> **Action item**:
Retype the entries in full.
━━ Materials provided
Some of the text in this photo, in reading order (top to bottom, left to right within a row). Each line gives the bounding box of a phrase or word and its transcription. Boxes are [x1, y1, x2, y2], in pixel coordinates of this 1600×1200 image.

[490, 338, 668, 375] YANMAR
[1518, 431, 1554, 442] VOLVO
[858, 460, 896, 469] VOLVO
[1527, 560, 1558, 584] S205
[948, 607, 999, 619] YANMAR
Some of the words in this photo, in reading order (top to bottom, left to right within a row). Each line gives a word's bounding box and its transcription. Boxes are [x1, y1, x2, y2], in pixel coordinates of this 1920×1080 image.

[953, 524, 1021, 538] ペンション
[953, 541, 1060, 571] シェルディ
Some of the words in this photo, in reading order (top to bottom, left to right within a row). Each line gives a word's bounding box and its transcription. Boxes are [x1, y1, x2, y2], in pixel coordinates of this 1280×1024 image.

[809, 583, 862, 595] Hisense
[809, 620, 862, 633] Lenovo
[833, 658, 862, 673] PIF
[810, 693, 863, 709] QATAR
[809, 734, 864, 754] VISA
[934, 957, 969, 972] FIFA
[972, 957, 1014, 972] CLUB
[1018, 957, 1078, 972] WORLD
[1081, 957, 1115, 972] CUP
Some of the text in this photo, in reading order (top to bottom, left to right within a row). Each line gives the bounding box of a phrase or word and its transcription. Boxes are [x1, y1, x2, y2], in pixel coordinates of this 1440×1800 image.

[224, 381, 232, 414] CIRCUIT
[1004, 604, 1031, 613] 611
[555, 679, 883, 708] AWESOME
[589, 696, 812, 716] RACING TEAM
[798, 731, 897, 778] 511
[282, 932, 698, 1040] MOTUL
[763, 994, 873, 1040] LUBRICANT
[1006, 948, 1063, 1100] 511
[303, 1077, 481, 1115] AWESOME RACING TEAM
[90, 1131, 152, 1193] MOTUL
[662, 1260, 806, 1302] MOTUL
━━━━
> **Task output**:
Some of the text in this photo, in reading order (top to bottom, left to right within a row). Each line gives the bounding box of a phrase or word and its transcription. Boxes are [x1, y1, x2, y2], in pixel coordinates of this 1600×1200 image.

[490, 338, 668, 375] YANMAR
[1518, 431, 1554, 442] VOLVO
[858, 460, 896, 469] VOLVO
[1527, 560, 1558, 584] S205
[948, 607, 999, 619] YANMAR
Some of the words in this photo, in reading order (top to bottom, left to right within a row). Each line gives a word's bounding box and its transcription. Boxes are [x1, y1, x2, y2], in pixel coordinates of this 1920×1080 image.

[953, 524, 1021, 538] ペンション
[953, 541, 1060, 571] シェルディ
Some of the words in this photo, in reading order (top to bottom, left to right within a row). Each line gives a word's bounding box and its transcription. Boxes are [x1, y1, x2, y2], in pixel coordinates of this 1280×1024 image.

[809, 583, 862, 595] Hisense
[809, 620, 862, 633] Lenovo
[833, 658, 862, 673] PIF
[810, 693, 863, 709] QATAR
[809, 734, 864, 754] VISA
[934, 957, 969, 972] FIFA
[972, 957, 1014, 972] CLUB
[1018, 957, 1078, 972] WORLD
[1081, 957, 1115, 972] CUP
Some of the text in this photo, in reading order (top to bottom, left to right within a row). Each line gives the bounding box of a phrase or word and its transcription. Boxes are [x1, y1, x2, y2], in pixel coordinates of this 1440×1800 image.

[224, 381, 232, 414] CIRCUIT
[1004, 604, 1031, 613] 611
[555, 679, 883, 708] AWESOME
[589, 696, 812, 716] RACING TEAM
[798, 731, 897, 778] 511
[282, 932, 698, 1040] MOTUL
[763, 994, 873, 1040] LUBRICANT
[1006, 948, 1063, 1100] 511
[303, 1077, 481, 1115] AWESOME RACING TEAM
[90, 1131, 152, 1193] MOTUL
[662, 1260, 806, 1302] MOTUL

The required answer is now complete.